4. Passion Marketing: In addition to telling donors what they do, nonprofits must also emotionally engage donors to build relationships for the long-term. A 2005 Yankelovich study entitled the “ Importance of Brands in Consumer Involvement with Nonprofits” found that 75% of donors give because they have ‘a personal belief in the goals of the organization.’ By creating local events, personalized communications, or web-based communities, national nonprofits are providing meaningful experiences for supporters that help build loyalty at local levels. American Heart Association’s Go Red For Women is a world-class example of this. Local nonprofits are doing the reverse. They are tying their efforts to movements, using national awareness and messaging built by others around their ‘issues’ to garner support at home.
5. Sponsorship Risk Mitigation: While corporate sponsorships provide valuable income to nonprofits, they must be careful to structure mutually-beneficial and protective relationships. Risks, including implied product endorsement, can lead to hefty legal bills and damaged reputations. To avoid these issues, nonprofits are now clearly articulating all aspects of sponsorship packages and performing due diligence to make sure that no conflicts of interest exist between the nonprofit and sponsoring companies.
6. Social Enterprise Investment: Leading nonprofits are seeking sustainable revenue and awareness generation by engaging in social enterprise or cause commerce. By opening their own retail boutiques, licensing their logos, and offering paid-for support services, nonprofits are capitalizing on their brand reputations and unique mission offerings to raise money for their causes. The Museum of Modern Art sells a plethora of art items where proceeds benefit the museum, and The National Trust for Historic Preservation sells a line of paint at Lowe’s inspired by paint found in historic homes.
7. Ethnographic Targeting: Nonprofits are also developing special campaigns focused on target demographics. These campaigns not only build emotional and lifestyle appeal with target audiences, but also create interesting sponsorship opportunities for corporate partners. The American Diabetes Association has created tailored programs for demographics of different ages and ethnicities that deliver materials relevant to those audiences and also attract sponsorship from companies interested in reaching segmented markets.
8. Partner Activation: Once nonprofits identify their focus areas, they should leverage all of their assets to reach program participants. For the Great American Clean-Up, Keep America Beautiful leveraged a number of methods, including in-store promotions, educational promotions, celebrities, and corporate sponsors to recruit over two million volunteers to clean up litter around the country.
9. New Media Integration: Technological connectivity provides new opportunities for connecting with both program participants and donors. The American Red Cross uses SMS/text to raise funds. Similarly, the American Lung Association leverages blogs and chat rooms to create an intimate and connected community.
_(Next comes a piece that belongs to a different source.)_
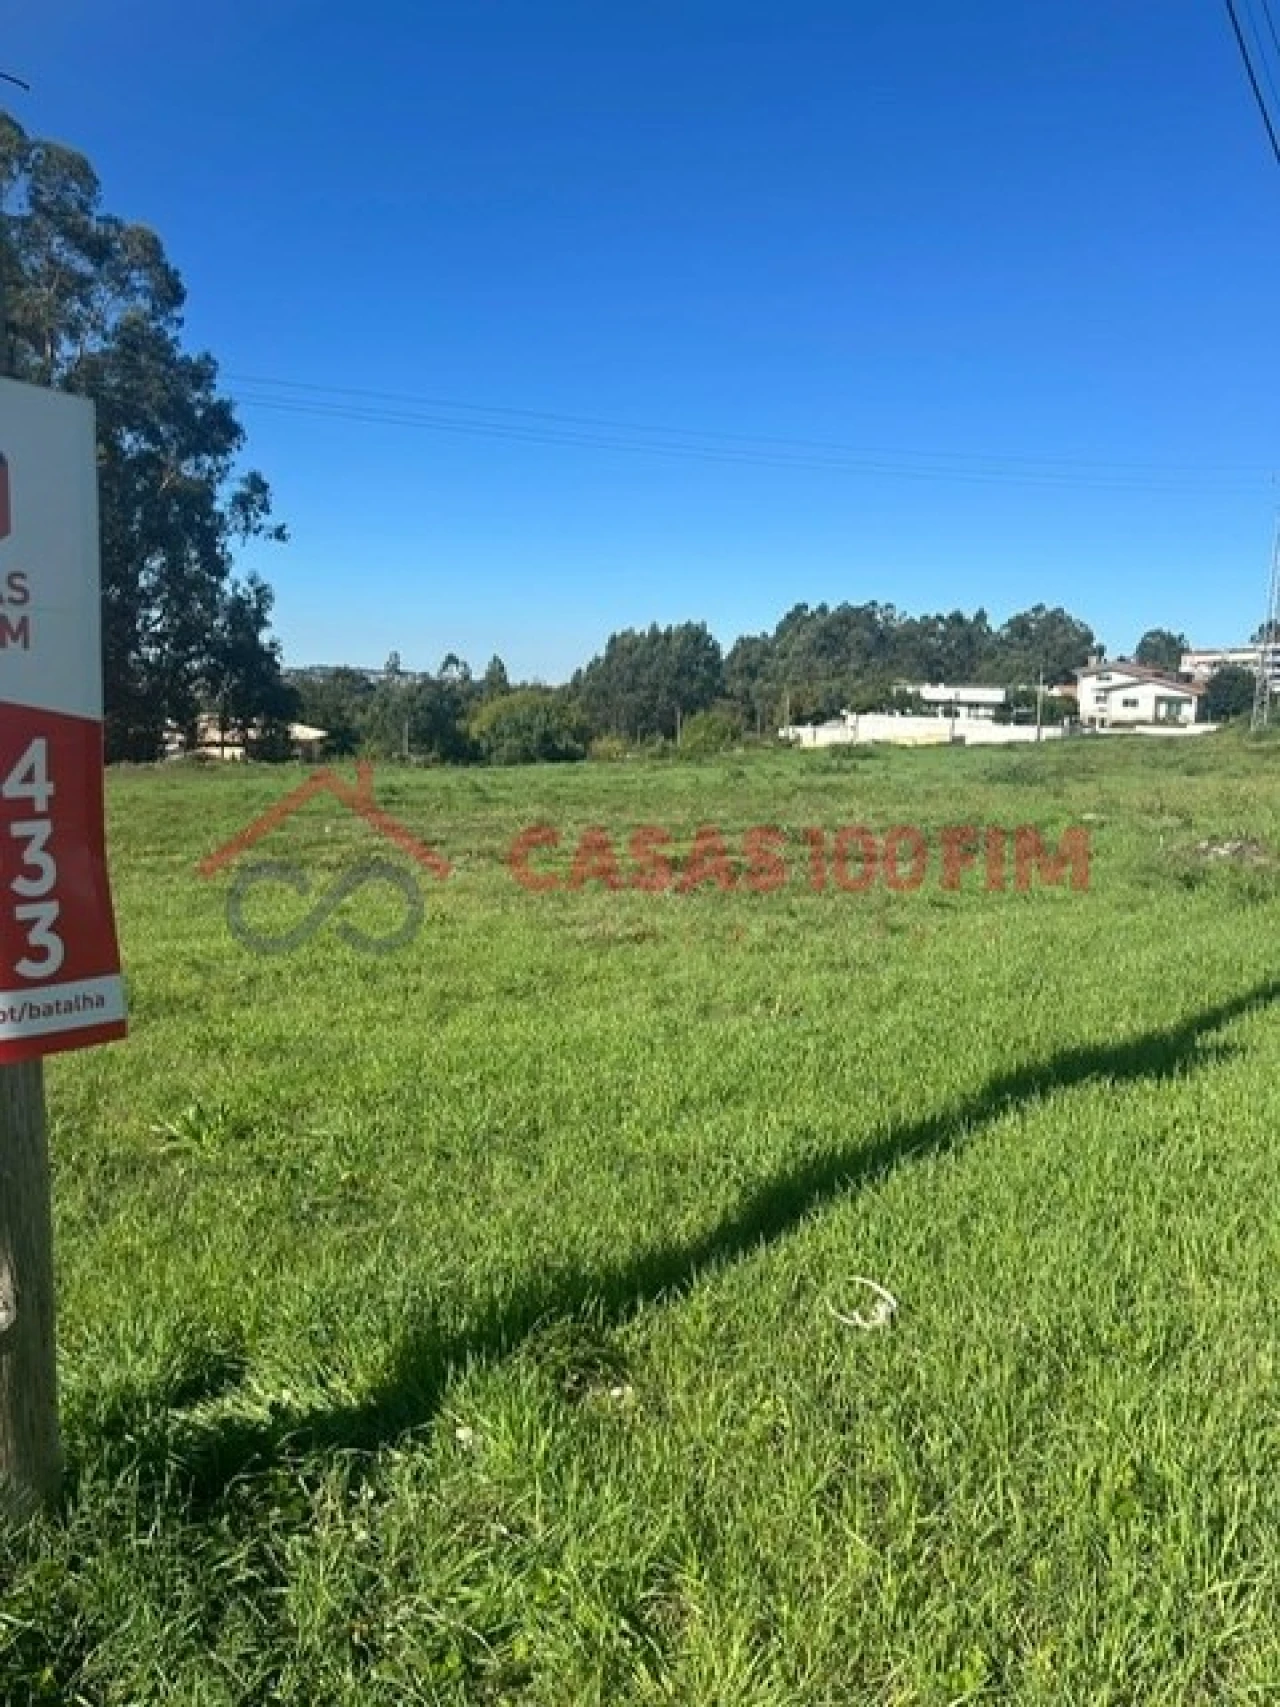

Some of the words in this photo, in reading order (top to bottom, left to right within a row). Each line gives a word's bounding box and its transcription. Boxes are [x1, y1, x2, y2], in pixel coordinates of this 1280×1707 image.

[0, 571, 30, 606] S
[2, 736, 54, 812] 4
[10, 819, 57, 897] 3
[14, 900, 64, 979] 3
10. Alliance Formation: Alliances with media organizations, other nonprofits, trade associations, and volunteer groups can greatly increase the resources available to a nonprofit. For example, Share our Strength partnered to write the Great American Bakesale into an episode of the sit-com “Eight Simple Rules” to raise awareness and visibility.
The tactical implementation of any number of these strategies helps nonprofits deliver experiences that intrigue, delight, and fulfill their target audiences while simultaneously delivering meaningful social impact and boosting their marketing abilities to raise money for their organizations. Cause branding for nonprofits is on the rise and is no doubt being shaped in-part by this work.